WORK REQUIRED =
Please output the entries below exactly as they are.

SUPPLIED MATERIAL =
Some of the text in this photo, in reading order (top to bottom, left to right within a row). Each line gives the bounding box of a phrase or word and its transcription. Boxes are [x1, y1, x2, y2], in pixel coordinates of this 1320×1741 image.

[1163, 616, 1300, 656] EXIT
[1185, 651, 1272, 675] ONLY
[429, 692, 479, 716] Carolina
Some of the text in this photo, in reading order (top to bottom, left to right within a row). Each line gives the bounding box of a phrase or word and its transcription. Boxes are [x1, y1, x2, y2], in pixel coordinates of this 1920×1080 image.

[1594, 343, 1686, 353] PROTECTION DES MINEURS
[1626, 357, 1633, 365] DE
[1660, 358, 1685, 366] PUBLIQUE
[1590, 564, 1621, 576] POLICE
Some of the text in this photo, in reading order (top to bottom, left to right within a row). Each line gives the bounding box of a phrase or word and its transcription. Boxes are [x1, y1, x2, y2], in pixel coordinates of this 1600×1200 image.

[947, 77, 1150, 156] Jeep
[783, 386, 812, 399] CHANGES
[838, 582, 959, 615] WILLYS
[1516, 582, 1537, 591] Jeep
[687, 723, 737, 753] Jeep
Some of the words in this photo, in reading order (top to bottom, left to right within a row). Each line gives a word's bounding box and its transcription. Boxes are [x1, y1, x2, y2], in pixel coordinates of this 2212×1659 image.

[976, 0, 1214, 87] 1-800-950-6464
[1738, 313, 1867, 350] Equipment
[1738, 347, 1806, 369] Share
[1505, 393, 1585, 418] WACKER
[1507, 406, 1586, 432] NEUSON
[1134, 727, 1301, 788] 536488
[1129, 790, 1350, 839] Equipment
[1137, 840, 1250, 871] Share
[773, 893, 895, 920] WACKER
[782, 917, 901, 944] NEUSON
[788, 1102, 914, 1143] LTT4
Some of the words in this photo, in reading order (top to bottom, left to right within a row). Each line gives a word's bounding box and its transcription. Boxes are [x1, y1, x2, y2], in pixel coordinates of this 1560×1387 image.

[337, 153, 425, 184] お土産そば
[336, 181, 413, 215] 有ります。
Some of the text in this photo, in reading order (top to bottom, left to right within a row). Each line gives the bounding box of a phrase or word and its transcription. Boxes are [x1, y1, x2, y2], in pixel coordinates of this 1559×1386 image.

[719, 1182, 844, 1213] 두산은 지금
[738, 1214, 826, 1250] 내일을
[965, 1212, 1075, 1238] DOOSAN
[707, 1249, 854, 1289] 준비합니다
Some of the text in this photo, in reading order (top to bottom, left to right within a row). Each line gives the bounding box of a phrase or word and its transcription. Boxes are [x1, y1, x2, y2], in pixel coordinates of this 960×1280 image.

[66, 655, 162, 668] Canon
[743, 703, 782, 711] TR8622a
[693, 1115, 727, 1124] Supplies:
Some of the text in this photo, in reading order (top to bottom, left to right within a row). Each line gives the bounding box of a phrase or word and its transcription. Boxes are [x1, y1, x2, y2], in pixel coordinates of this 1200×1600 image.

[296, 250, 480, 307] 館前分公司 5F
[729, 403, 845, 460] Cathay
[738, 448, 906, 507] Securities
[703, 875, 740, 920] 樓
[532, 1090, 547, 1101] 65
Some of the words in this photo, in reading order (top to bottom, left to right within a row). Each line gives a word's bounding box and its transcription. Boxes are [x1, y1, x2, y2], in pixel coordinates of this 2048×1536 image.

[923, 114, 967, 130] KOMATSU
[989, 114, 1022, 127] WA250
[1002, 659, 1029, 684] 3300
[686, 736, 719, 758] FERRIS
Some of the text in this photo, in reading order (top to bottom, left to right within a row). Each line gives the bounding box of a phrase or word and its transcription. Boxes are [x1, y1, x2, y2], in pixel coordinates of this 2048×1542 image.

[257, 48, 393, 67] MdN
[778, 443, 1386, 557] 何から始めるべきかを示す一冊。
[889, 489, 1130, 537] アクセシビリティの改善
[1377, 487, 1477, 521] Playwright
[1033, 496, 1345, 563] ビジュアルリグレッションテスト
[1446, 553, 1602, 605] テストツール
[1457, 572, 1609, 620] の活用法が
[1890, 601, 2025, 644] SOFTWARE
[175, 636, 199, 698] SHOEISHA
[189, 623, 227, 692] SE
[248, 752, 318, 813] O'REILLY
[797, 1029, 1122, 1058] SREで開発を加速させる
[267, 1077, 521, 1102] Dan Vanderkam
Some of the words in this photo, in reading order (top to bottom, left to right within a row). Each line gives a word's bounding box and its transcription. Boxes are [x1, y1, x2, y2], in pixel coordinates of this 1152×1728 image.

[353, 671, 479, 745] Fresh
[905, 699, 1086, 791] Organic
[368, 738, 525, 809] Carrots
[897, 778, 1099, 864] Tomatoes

YOUR RESPONSE =
Some of the text in this photo, in reading order (top to bottom, left to right within a row). Each line gives the bounding box of a phrase or word and its transcription. Boxes are [x1, y1, x2, y2], in pixel coordinates of this 1320×1741 image.

[1163, 616, 1300, 656] EXIT
[1185, 651, 1272, 675] ONLY
[429, 692, 479, 716] Carolina
Some of the text in this photo, in reading order (top to bottom, left to right within a row). Each line gives the bounding box of a phrase or word and its transcription. Boxes are [x1, y1, x2, y2], in pixel coordinates of this 1920×1080 image.

[1594, 343, 1686, 353] PROTECTION DES MINEURS
[1626, 357, 1633, 365] DE
[1660, 358, 1685, 366] PUBLIQUE
[1590, 564, 1621, 576] POLICE
Some of the text in this photo, in reading order (top to bottom, left to right within a row). Each line gives the bounding box of a phrase or word and its transcription. Boxes are [x1, y1, x2, y2], in pixel coordinates of this 1600×1200 image.

[947, 77, 1150, 156] Jeep
[783, 386, 812, 399] CHANGES
[838, 582, 959, 615] WILLYS
[1516, 582, 1537, 591] Jeep
[687, 723, 737, 753] Jeep
Some of the words in this photo, in reading order (top to bottom, left to right within a row). Each line gives a word's bounding box and its transcription. Boxes are [x1, y1, x2, y2], in pixel coordinates of this 2212×1659 image.

[976, 0, 1214, 87] 1-800-950-6464
[1738, 313, 1867, 350] Equipment
[1738, 347, 1806, 369] Share
[1505, 393, 1585, 418] WACKER
[1507, 406, 1586, 432] NEUSON
[1134, 727, 1301, 788] 536488
[1129, 790, 1350, 839] Equipment
[1137, 840, 1250, 871] Share
[773, 893, 895, 920] WACKER
[782, 917, 901, 944] NEUSON
[788, 1102, 914, 1143] LTT4
Some of the words in this photo, in reading order (top to bottom, left to right within a row). Each line gives a word's bounding box and its transcription. Boxes are [x1, y1, x2, y2], in pixel coordinates of this 1560×1387 image.

[337, 153, 425, 184] お土産そば
[336, 181, 413, 215] 有ります。
Some of the text in this photo, in reading order (top to bottom, left to right within a row). Each line gives the bounding box of a phrase or word and its transcription. Boxes are [x1, y1, x2, y2], in pixel coordinates of this 1559×1386 image.

[719, 1182, 844, 1213] 두산은 지금
[738, 1214, 826, 1250] 내일을
[965, 1212, 1075, 1238] DOOSAN
[707, 1249, 854, 1289] 준비합니다
Some of the text in this photo, in reading order (top to bottom, left to right within a row). Each line gives the bounding box of a phrase or word and its transcription. Boxes are [x1, y1, x2, y2], in pixel coordinates of this 960×1280 image.

[66, 655, 162, 668] Canon
[743, 703, 782, 711] TR8622a
[693, 1115, 727, 1124] Supplies:
Some of the text in this photo, in reading order (top to bottom, left to right within a row). Each line gives the bounding box of a phrase or word and its transcription. Boxes are [x1, y1, x2, y2], in pixel coordinates of this 1200×1600 image.

[296, 250, 480, 307] 館前分公司 5F
[729, 403, 845, 460] Cathay
[738, 448, 906, 507] Securities
[703, 875, 740, 920] 樓
[532, 1090, 547, 1101] 65
Some of the words in this photo, in reading order (top to bottom, left to right within a row). Each line gives a word's bounding box and its transcription. Boxes are [x1, y1, x2, y2], in pixel coordinates of this 2048×1536 image.

[923, 114, 967, 130] KOMATSU
[989, 114, 1022, 127] WA250
[1002, 659, 1029, 684] 3300
[686, 736, 719, 758] FERRIS
Some of the text in this photo, in reading order (top to bottom, left to right within a row). Each line gives the bounding box of a phrase or word and its transcription. Boxes are [x1, y1, x2, y2], in pixel coordinates of this 2048×1542 image.

[257, 48, 393, 67] MdN
[778, 443, 1386, 557] 何から始めるべきかを示す一冊。
[889, 489, 1130, 537] アクセシビリティの改善
[1377, 487, 1477, 521] Playwright
[1033, 496, 1345, 563] ビジュアルリグレッションテスト
[1446, 553, 1602, 605] テストツール
[1457, 572, 1609, 620] の活用法が
[1890, 601, 2025, 644] SOFTWARE
[175, 636, 199, 698] SHOEISHA
[189, 623, 227, 692] SE
[248, 752, 318, 813] O'REILLY
[797, 1029, 1122, 1058] SREで開発を加速させる
[267, 1077, 521, 1102] Dan Vanderkam
Some of the words in this photo, in reading order (top to bottom, left to right within a row). Each line gives a word's bounding box and its transcription. Boxes are [x1, y1, x2, y2], in pixel coordinates of this 1152×1728 image.

[353, 671, 479, 745] Fresh
[905, 699, 1086, 791] Organic
[368, 738, 525, 809] Carrots
[897, 778, 1099, 864] Tomatoes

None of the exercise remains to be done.